Blankston, the Texas attorney, effectively got the CT trials defense records. Their internal memos. The shit they didn’t hand over in discovery. As well as 2.2 gigs of text and email data from Alex Jones’s phone. As well as medical records they weren’t allowed to have, much less distribute.
This isn’t just a cell phone, it’s 300 gigs of Infowars’s lead attorney’s hard drive.
And Reynal just… gave… it up.
So, here’s what happened from what I can piece together:
-
Reynal comes on board the Texas case, I think the 11th lawyer on this one case.
-
He has to get up to speed, quickly.
-
A petition is filed in CT, joining Reynal to the CT case in early July, 2022.
-
… this is probably when the data is given to Reynal…
-
Late July 2022, Reynal withdraws the petition, saying he didn’t want to do the time, expense, and taxes.
-
Now Reynal knows the strategy of what’s happening in CT and, hopefully, can do a variant of the same in TX.
-
Oops!
There are something like 3 or 4 threads on this case, and yeah it has been mentioned more than once.
It’s huge.
This is getting tiresome.

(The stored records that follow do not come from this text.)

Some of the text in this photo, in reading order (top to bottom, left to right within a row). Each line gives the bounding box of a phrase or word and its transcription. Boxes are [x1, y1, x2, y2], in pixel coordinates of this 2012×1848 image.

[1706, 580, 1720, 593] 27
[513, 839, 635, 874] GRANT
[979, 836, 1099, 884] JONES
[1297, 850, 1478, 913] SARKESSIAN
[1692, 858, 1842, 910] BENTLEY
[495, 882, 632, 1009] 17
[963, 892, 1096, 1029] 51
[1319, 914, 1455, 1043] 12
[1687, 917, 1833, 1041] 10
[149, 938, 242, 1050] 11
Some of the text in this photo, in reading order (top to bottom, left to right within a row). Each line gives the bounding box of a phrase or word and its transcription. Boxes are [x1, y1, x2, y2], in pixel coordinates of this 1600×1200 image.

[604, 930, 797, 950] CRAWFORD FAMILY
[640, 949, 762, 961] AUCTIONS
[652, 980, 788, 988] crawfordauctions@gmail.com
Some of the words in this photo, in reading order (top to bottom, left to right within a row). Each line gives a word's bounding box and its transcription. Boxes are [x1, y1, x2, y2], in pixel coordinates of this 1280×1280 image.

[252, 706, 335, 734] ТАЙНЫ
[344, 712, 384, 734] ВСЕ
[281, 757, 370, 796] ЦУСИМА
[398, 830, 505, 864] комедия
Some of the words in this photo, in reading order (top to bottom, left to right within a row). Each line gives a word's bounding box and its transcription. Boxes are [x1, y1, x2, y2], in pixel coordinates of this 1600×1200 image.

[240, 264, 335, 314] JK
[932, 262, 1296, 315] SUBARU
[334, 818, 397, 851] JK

Yes, that is how it plays out in practice. But that is not what the constitution mandates.
Incidentally, the reason the prosecutor can cross-examine the defendant once his own lawyer has put him on the stand is that the defense has opened the door and thereby forfeited the privilege. If the defendant takes the stand to testify to one specific thing–“I was 3,000 miles away the night of the murder”–that does not give the prosecutor carte blanche to interrogate the defendant about every time he might ever have broken the law in his entire life. You know that, right? So why would you think that the defense attorney putting his client on the stand and then not asking him a single question would allow the prosecutor to do something he otherwise couldn’t do?
And yes, we are in bizarro world. Nothing like Alex Jones’s horrifying campaign to destroy the lives of the Sandy Hook families has ever been seen before. Nothing like the January 6 insurrection has ever happened before. I for one could not have imagined such things a few years ago. I don’t think I can now imagine every ridiculous scenario that might unfold over the next few years. We have been enjoying a world where people in power commonly observe a kind of buffer around the laws–they refrain from doing things they aren’t technically, specifically, clearly legally prohibited from doing, because that’s just the way things are done. But that world is crashing down around us. It’s a good time to go back and review what the laws actually say, as opposed to how they’ve historically been observed.